What if “looking your age” meant not your face, but your chest? Scientists at Osaka Metropolitan University have developed an advanced artificial intelligence (AI) model that uses chest radiographs to accurately estimate a patient’s chronological age. More importantly, when there is a disparity, it may indicate an association with chronic disease. These findings signal a leap forward in medical imaging, paving the way for early detection of disease and improvements in intervention. Results ready to be published Lancet Healthy Longevity,
The research team, led by Dr. Yasuhito Mitsuyama and Dr. Daizu Ueda, graduate students of the Department of Diagnostic and Interventional Radiology at Osaka Metropolitan University’s Graduate School of Medicine, first implemented a deep learning-based AI model to estimate age from chest radiographs. build out. healthy person. They then applied the model to radiographs of patients with known diseases to analyze the relationship between the AI-estimated age and each disease. Noting that AI trained on a single dataset is prone to overfitting, the researchers pooled data from multiple institutions.

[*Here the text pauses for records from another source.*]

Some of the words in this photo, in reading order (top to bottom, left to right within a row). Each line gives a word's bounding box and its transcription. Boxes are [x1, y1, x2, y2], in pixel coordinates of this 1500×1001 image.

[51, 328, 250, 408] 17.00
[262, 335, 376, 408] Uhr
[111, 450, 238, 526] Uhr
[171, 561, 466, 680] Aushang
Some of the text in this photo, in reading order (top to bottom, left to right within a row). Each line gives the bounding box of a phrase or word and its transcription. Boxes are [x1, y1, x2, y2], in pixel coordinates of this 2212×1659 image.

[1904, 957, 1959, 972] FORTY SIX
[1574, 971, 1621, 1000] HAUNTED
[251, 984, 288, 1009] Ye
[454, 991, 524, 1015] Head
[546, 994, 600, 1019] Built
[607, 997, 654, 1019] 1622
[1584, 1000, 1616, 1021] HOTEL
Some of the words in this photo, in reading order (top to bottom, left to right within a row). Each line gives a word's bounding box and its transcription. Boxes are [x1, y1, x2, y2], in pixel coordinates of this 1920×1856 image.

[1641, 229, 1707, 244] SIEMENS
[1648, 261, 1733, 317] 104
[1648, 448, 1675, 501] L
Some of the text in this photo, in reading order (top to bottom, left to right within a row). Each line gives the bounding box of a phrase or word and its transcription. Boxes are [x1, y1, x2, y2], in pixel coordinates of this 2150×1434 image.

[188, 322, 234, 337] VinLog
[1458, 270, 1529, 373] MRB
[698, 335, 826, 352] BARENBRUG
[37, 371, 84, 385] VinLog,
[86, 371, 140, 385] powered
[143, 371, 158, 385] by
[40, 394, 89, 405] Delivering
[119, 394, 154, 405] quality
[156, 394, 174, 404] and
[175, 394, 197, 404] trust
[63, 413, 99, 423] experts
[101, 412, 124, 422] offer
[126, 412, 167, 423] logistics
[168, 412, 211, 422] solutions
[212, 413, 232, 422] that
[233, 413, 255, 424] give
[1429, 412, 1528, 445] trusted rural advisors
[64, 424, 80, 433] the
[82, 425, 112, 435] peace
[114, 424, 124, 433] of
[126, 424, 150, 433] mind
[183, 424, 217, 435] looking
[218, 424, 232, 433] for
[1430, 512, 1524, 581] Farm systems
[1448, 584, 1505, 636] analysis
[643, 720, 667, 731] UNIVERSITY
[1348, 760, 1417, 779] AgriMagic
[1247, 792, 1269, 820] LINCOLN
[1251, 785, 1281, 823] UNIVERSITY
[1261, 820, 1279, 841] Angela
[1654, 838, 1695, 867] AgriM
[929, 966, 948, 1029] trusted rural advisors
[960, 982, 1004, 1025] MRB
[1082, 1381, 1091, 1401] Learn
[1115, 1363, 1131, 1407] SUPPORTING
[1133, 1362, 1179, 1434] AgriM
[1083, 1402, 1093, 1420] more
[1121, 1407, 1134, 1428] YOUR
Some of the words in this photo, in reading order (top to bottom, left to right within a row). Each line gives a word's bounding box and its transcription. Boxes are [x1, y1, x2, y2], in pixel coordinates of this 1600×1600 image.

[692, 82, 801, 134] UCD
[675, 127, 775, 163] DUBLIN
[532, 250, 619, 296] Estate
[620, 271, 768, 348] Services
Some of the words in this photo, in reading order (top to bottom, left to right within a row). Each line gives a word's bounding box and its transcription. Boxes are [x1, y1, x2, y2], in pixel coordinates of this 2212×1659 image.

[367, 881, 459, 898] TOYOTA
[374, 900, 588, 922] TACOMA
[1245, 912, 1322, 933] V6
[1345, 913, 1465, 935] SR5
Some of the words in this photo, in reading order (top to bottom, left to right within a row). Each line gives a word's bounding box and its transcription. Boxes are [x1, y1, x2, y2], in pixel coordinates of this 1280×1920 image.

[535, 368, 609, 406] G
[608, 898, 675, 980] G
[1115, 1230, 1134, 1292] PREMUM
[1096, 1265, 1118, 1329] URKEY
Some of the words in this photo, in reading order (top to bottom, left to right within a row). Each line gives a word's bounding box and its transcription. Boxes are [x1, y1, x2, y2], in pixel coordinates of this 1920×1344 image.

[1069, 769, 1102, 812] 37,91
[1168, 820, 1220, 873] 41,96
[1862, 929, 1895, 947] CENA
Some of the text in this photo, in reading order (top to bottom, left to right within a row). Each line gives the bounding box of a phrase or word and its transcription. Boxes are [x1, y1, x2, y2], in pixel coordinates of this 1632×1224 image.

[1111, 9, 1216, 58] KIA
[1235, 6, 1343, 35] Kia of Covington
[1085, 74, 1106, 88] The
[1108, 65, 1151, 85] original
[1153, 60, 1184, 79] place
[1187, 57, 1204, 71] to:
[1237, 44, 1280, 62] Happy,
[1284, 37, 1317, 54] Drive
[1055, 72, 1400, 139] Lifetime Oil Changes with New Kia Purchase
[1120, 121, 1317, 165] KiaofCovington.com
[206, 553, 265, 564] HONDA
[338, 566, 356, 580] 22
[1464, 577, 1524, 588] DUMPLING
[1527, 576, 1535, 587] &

For the development, training, internal and external testing of the AI model for age estimation, a total of 67,099 chest radiographs were obtained from 36,051 healthy individuals who underwent health examination at three facilities between 2008 and 2021. The developed model showed a correlation coefficient of 0.95 between AI-estimated age and chronological age. Generally, a correlation coefficient of 0.9 or greater is considered very strong.
To validate the utility of AI-estimated age using chest radiographs as a biomarker, an additional 34,197 chest radiographs were compiled from 34,197 patients with known diseases from two other institutions. The results showed that the difference between the AI-estimated age and the patient’s chronological age was positively associated with a variety of chronic diseases, such as hypertension, hyperuricemia and chronic obstructive pulmonary disease. In other words, the higher the AI-estimated age compared to chronological age, the more likely individuals were to have these diseases.
“Chronological age is one of the most important factors in medicine,” Mr. Mitsuyama said. “Our results suggest that chest radiography-based apparent age may accurately reflect health conditions beyond chronological age. Our goal is to further develop this research and apply it to predicting the severity of chronic diseases, predicting life expectancy and and to anticipate possible surgical complications.”